In a world first, bioengineers have used human cells to create the common drug heparin, a lifesaving blood-thinner.
This is a big deal, because right now, heparin is created using animal tissue, which can be contaminated and can cause severe adverse reactions. The possibility of using human cells instead – from a genetically engineered human cell line – will make the drug safer, more effective, and keep animals out of the process.
"Heparin is used worldwide. It's currently an [US]$8 billion market and its use is only increasing," says Megan Lord, one of the researchers from the University of New South Wales Faculty of Engineering (UNSW Engineering), in Australia.
Heparin is commonly used to prevent blood clots when a patient is undergoing surgery or dialysis.
It's estimated that 12 million patients every year in the US receive heparin, and that demand is only going up – the industry is set to double in the next 10 years.
It's also on the World Health Organisation's list of essential medicines, so finding a way to produce it more safely is a big deal..

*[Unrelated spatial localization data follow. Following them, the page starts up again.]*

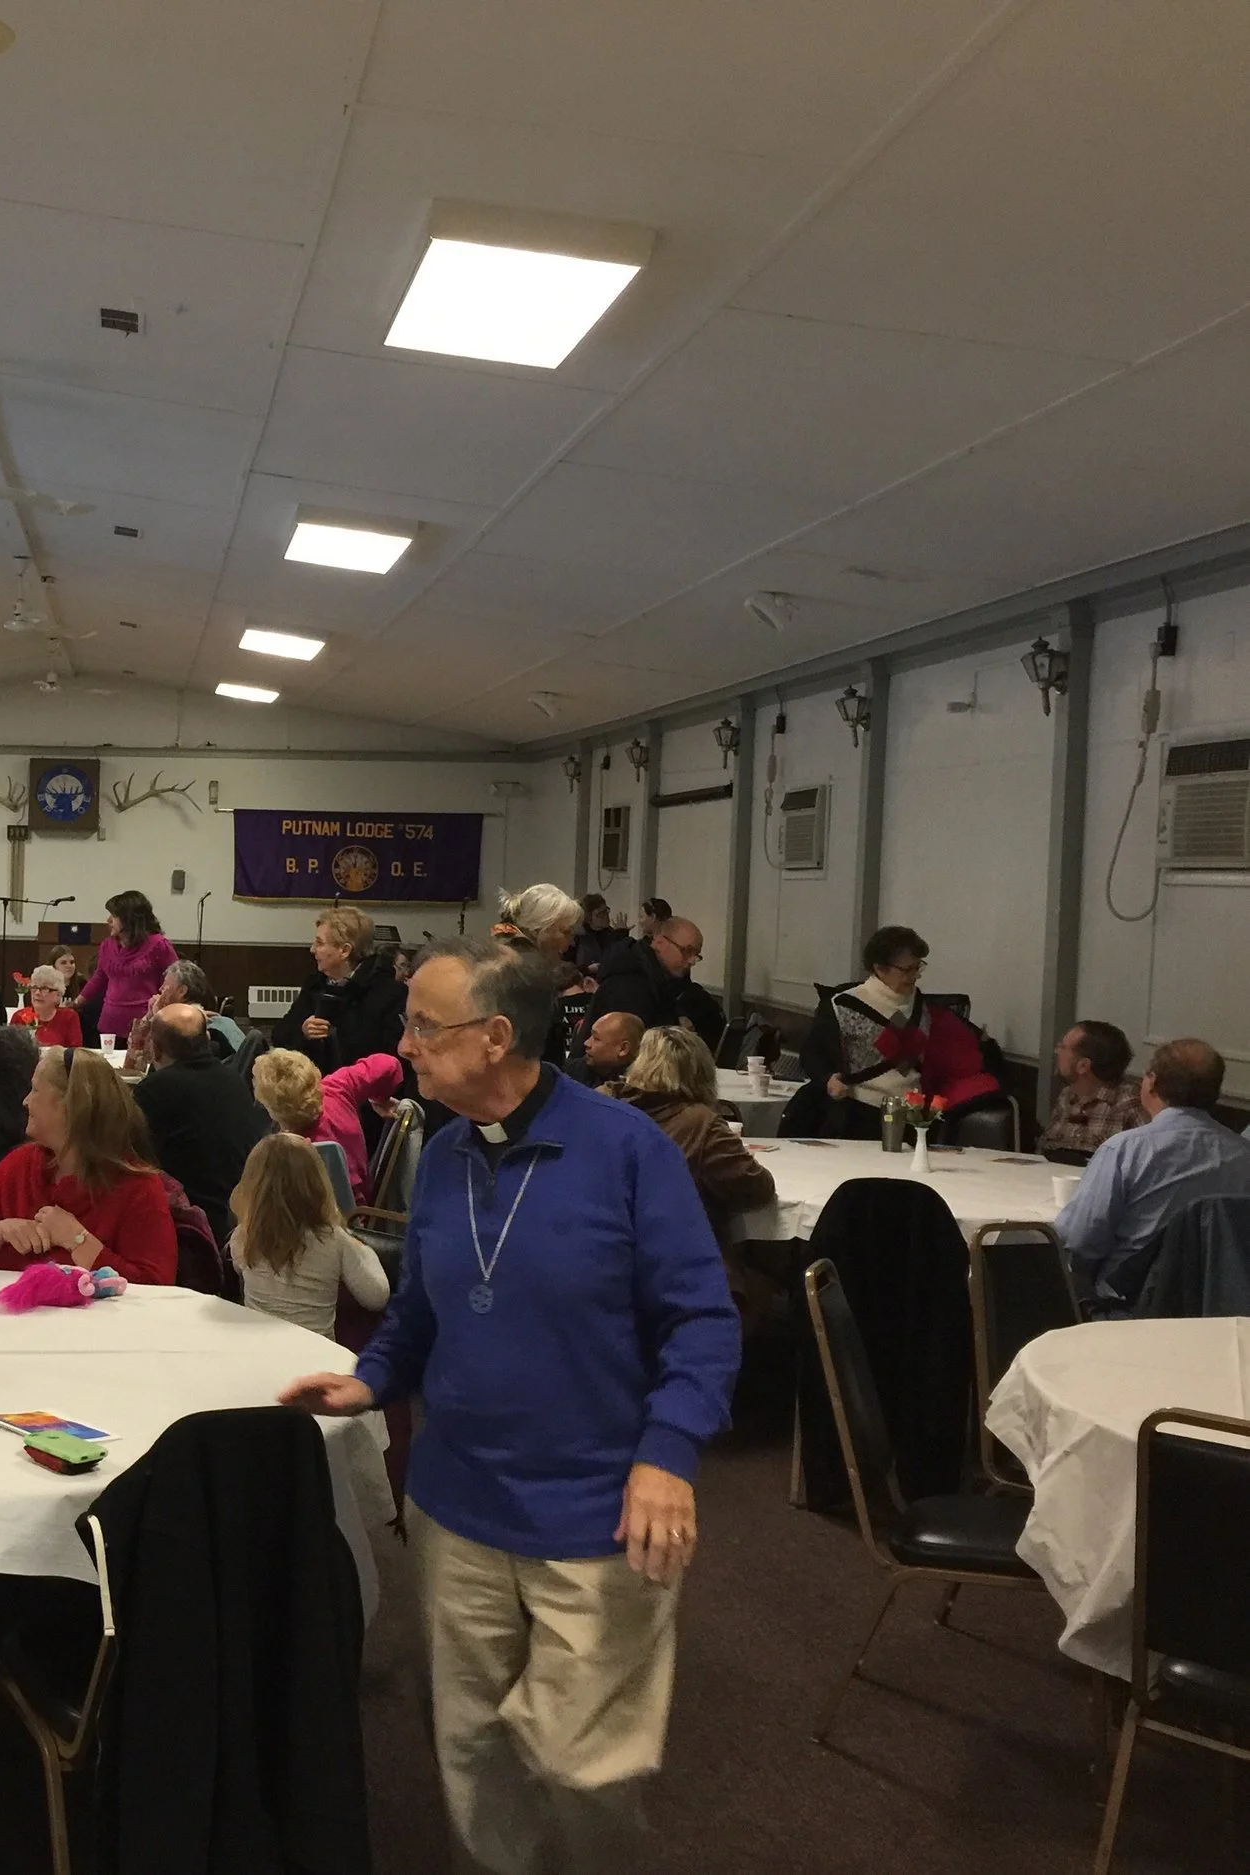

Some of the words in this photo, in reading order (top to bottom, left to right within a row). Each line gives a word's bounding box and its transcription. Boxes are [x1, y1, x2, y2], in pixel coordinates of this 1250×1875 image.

[282, 820, 340, 836] PUTNAM
[346, 822, 395, 838] LODGE
[286, 857, 299, 873] B.
[308, 858, 319, 873] P.
[391, 861, 405, 877] O.
[413, 861, 427, 877] E.
[564, 1005, 586, 1014] LIFE

"It was actually a serendipitous finding," Lord said. "We didn't set out to make heparin in the laboratory. The discovery was through a fundamental project focused on understanding how inflammatory cells are involved in wound healing."
But once they had the basics, the team was able to bioengineer heparin (a carbohydrate) by using human cells as a 'bioreactor' – or tiny biological factory for the drug.
The human cells, called HMC-1, are a type of lab-cultured immune cell, and were genetically edited to produce excess amounts of heparin, which the researchers could then extract.
This means the source of heparin going forward could be based entirely on human cells grown from scratch in the lab, rather than from cell samples taken from animal subjects.
"With our method, we've shown, for the first time, an alternative and much safer method to producing heparin by using bioreactors to culture cells to produce the carbohydrate drug," explains Lord.
"Now we've demonstrated producing heparin in lab scale production, the next stage is to refine the bioreactor conditions to increase the amount and potency of the heparin we produce."
But, as with most biological discoveries, we won't be seeing this new improved version on the shelf in the near future.
"We hope to have a product on the market within 10 to 15 years," Lord added.
The research has been published in Metabolic Engineering.